Ormai un decennio fa, l’importo del parcheggio Sanzio era stato fissato in 21 milioni di euro, di cui 12 milioni e 400mila euro a carico della Regione Sicilia e poco più di otto milioni dai privati in cambio della concessione della struttura – comprensiva di una zona commerciale – per 60 anni. In questi mesi la cifra è stata rivista al rialzo e dovrebbe ammontare a circa 36 milioni di euro, in cui rimane invariato il contributo pubblico regionale.

Il vecchio progetto del parcheggio Sanzio (fonte SkyscraperCity)

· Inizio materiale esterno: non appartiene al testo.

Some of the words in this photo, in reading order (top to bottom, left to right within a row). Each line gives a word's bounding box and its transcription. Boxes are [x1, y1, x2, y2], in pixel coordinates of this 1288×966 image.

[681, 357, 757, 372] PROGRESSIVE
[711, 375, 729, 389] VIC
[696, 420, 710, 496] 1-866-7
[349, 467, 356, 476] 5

Il mega piano redatto da Scapagnini prevedeva la costruzione di 21 parcheggi per 18mila posti auto, con un costo complessivo di 227 milioni di euro. Di quel progetto solo un’opera, dopo molte vicissitudine giudiziarie, ha visto la luce: il parcheggio Europa. Quattro erano i parcheggi definiti di secondo livello, a metà tra quelli posti ai confini della città come cerniera con la provincia e quelli in centro: San Nullo, Fleming, Narciso e, appunto, Sanzio. Quest’ultimo, l’unico a ricevere una parziale copertura finanziaria pubblica da parte della Regione Sicilia, era stato scelto perché dovrebbe intercettare i flussi provenienti dall’autostrada A18 Catania-Messina, dalla Tangenziale e dallo svincolo di San Gregorio. È inoltre l’unico a trovarsi in un punto di smistamento dei bus, essendo stazione capolinea dell’Amt. Peculiarità sottolineate anche dall’assessore ai Lavori Pubblici Luigi Bosco. «Ricominciamo da qui perché ha caratteristiche diverse da tutti gli altri, va sfruttata la natura scambiatoria del sito», spiega.

Nella sua fase iniziale, la realizzazione del parcheggio Sanzio è stata legata a burrascose vicende giudiziarie. Ad aggiudicarsi l’appalto, nel 2007, era stata infatti un’associazione temporanea d’imprese, di cui facevano parte le aziende Icob e Coesi, insieme alla palermitana Final. Sia nell’Icob che nella Coesi il socio di maggioranza era Mariano Incarbone, 50 anni, cugino del boss Filippo La Rocca ritenuto dai magistrati vicerappresentante della famiglia di Enna di Cosa Nostra. Condannato a otto anni per associazione mafiosa nel primo grado del processo Iblis, per Incarbone la procura etnea ha chiesto in appello la condanna a sette anni per concorso esterno. Ritenuto un imprenditore a disposizione di Enzo Aiello, rappresentante provinciale di Cosa Nostra etnea, sarebbe stato anche vicino all’ex presidente della Regione Sicilia Raffaele Lombardo condannato per concorso esterno. Secondo il colonnello dei Ros dei carabinieri etnei Lucio Arcidiacono, Lombardo avrebbe favorito Incarbone proprio nel caso del parcheggio Sanzio, «l’unico progetto a ricevere soldi pubblici», spiega. In cambio l’imprenditore «ha finanziato nel 2008 con 50mila euro la campagna elettorale del Mpa», aggiunge il colonnello.

Anche alla luce di queste vicende, nel 2010 Confindustria Catania, seguendo il protocollo di legalità siglato con il ministero dell’Interno, ha sospeso le imprese di Incarbone. Nel frattempo le due ditte aggiudicatarie dell’appalto per il parcheggio Sanzio hanno ceduto il proprio ramo d’azienda: la Coesi alla Geco Srl, mentre la Icob alla Gidi Srl. Ma anche queste due società vedevano una partecipazione dello stesso Mariano Incarbone. Adesso, con il definitivo avvicendamento del consorzio Ciro Menotti, dovrebbe invece essere tutto pronto per la partenza dei lavori per il parcheggio Sanzio.